该类药物的透膜评估采用经典的Caco-2细胞模型。将Caco-2细胞接种于Transwell，培养21天以后，利用电阻率仪测定跨膜电阻值(TEER)确定上皮细胞层紧密性和完整性后，即可用于药物的跨膜转运实验。在细胞层顶侧(绒毛面，A面)培养液中加入药液，同时在底侧(基底面，B面)加入1.5ml空白缓冲溶液，开始转运实验，分别在30min、60min、90min、120min在底侧取100μl药液，并同时补足100μl空白缓冲溶液。利用HPLC测定待测药物浓度。利用公式：P_app＝ΔQ/(Δt·A·C₀)计算药物的表观渗透系数(apparent permeability coefficients，P_app)，其中ΔQ为Δt内的转运量，A为膜面积，C₀为药物的初始浓度，根据算得的P_app值评价其透膜能力变化。结果显示，三个化合物都是高通透性的药物，证明该类药物可被肠上皮细胞快速吸收，其还可快速穿透肝、肠细胞进入细胞内作用靶点，其细胞膜通透性远高于阳性对照药物白杨素。

实施例5

该类药物的毒性评估

该类药物的细胞毒性评估采用标准的MTT方法。Caco-2细胞种植于96孔板，每孔10000个细胞。贴壁24h后，加入系列浓度的药物，对照组加入等浓度的DMSO，培养基中的DMSO浓度均保持为0.5％。加药孵育48小时后，弃去含药培养基，加入含有0.5mg/ml MTT的无血清培养基，37℃孵育4小时。孵育结束后，轻轻吸去培养基，每孔加入150μL DMSO，震荡混匀10分钟。酶标仪检测490nm下的吸收。结果如图6所示，该类药物为50μM时，Caco-2细胞的存活率大于95％，表明该化合物具有较好安全性。

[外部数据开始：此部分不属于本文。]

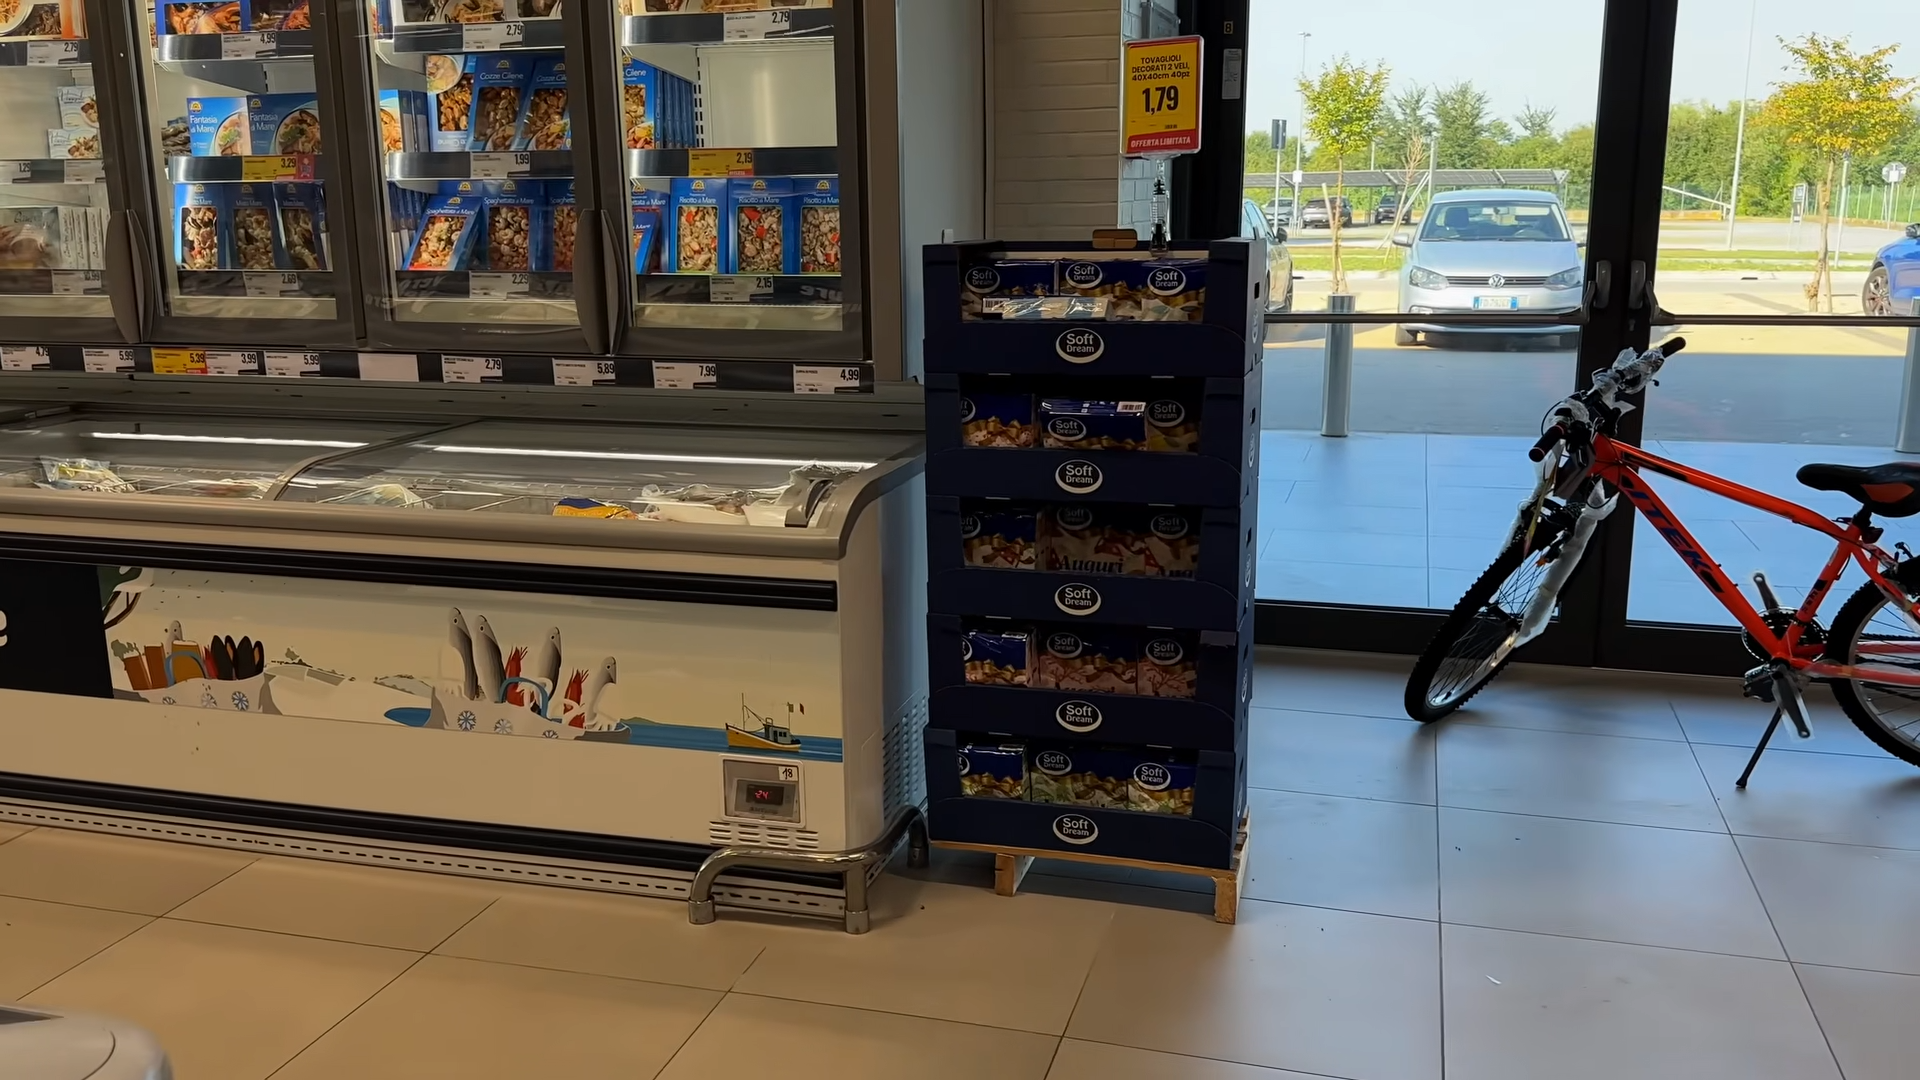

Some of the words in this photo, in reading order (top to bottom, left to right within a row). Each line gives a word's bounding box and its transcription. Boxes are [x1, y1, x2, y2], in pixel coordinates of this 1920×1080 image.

[772, 11, 790, 24] 2,79
[506, 24, 522, 36] 2,79
[1225, 23, 1231, 33] 8
[260, 33, 276, 45] 4,99
[64, 42, 78, 52] 2,79
[1141, 55, 1181, 64] TOVAGLIOLI
[1131, 64, 1167, 74] DECORATI
[1174, 62, 1190, 70] VELI,
[1171, 71, 1190, 80] 40pz
[1142, 85, 1179, 116] 1,79
[190, 115, 218, 124] Fantasia
[250, 112, 278, 121] Fantasia
[257, 123, 275, 131] Mare
[1131, 138, 1159, 148] OFFERTA
[1160, 136, 1191, 146] LIMITATA
[281, 158, 296, 168] 3,29
[515, 153, 530, 165] 1,99
[736, 152, 752, 164] 2,19
[19, 162, 30, 173] 1,29
[972, 270, 993, 279] Soft
[1073, 265, 1095, 275] Soft
[1155, 270, 1178, 280] Soft
[512, 274, 529, 286] 2,29
[756, 277, 772, 289] 2,15
[1067, 333, 1093, 345] Soft
[1067, 344, 1094, 353] Dream
[119, 350, 133, 361] 5,99
[190, 353, 205, 364] 5,39
[241, 353, 257, 364] 3,99
[303, 354, 320, 366] 5,99
[485, 359, 501, 371] 2,79
[597, 362, 615, 375] 5,89
[699, 365, 716, 377] 7,99
[840, 369, 859, 381] 4,99
[1154, 403, 1176, 413] Soft
[1056, 420, 1078, 429] Soft
[1066, 464, 1092, 476] Soft
[1066, 475, 1093, 483] Dream
[1063, 507, 1084, 518] Soft
[1158, 516, 1180, 527] Soft
[1058, 556, 1124, 575] Auguri
[1065, 588, 1091, 599] Soft
[1065, 598, 1092, 606] Dream
[1054, 636, 1075, 646] Soft
[1153, 642, 1175, 652] Soft
[1066, 704, 1092, 716] Soft
[1066, 715, 1092, 724] Dream
[1043, 754, 1064, 764] Soft
[782, 767, 793, 780] 18
[1140, 767, 1163, 777] Soft
[1063, 818, 1089, 830] Soft
[1063, 828, 1090, 837] Dream

选取昆明小鼠(购于大连医科大学实验动物中心)，雌雄各半，体重19-22g。将小鼠随机分组，每组20只，雌雄各半。4’,7-二羟基-3’-异戊烯基异黄酮及其乙酰化衍生物混悬于0.5％CMC-Na中，浓度为1g/L。实验组包括药物不同剂量 组(50～2000mg/kg)以及0.5％CMC-Na空白对照组。连续观察给药后小鼠的行为状态直至14天，并于第14天对不同给药组小鼠进行大体解剖并观察内脏情况。高剂量组2.0g/kg和1.5g/kg给药组分别观察到7和3例死亡例，其他剂量组均无死亡例。对死亡个体进行解剖并未发现肝、肾等主要器官的明显病变。实验结果提示小鼠口服该类药物的LD₅₀值大于2.0g/kg，属于轻度毒性级别。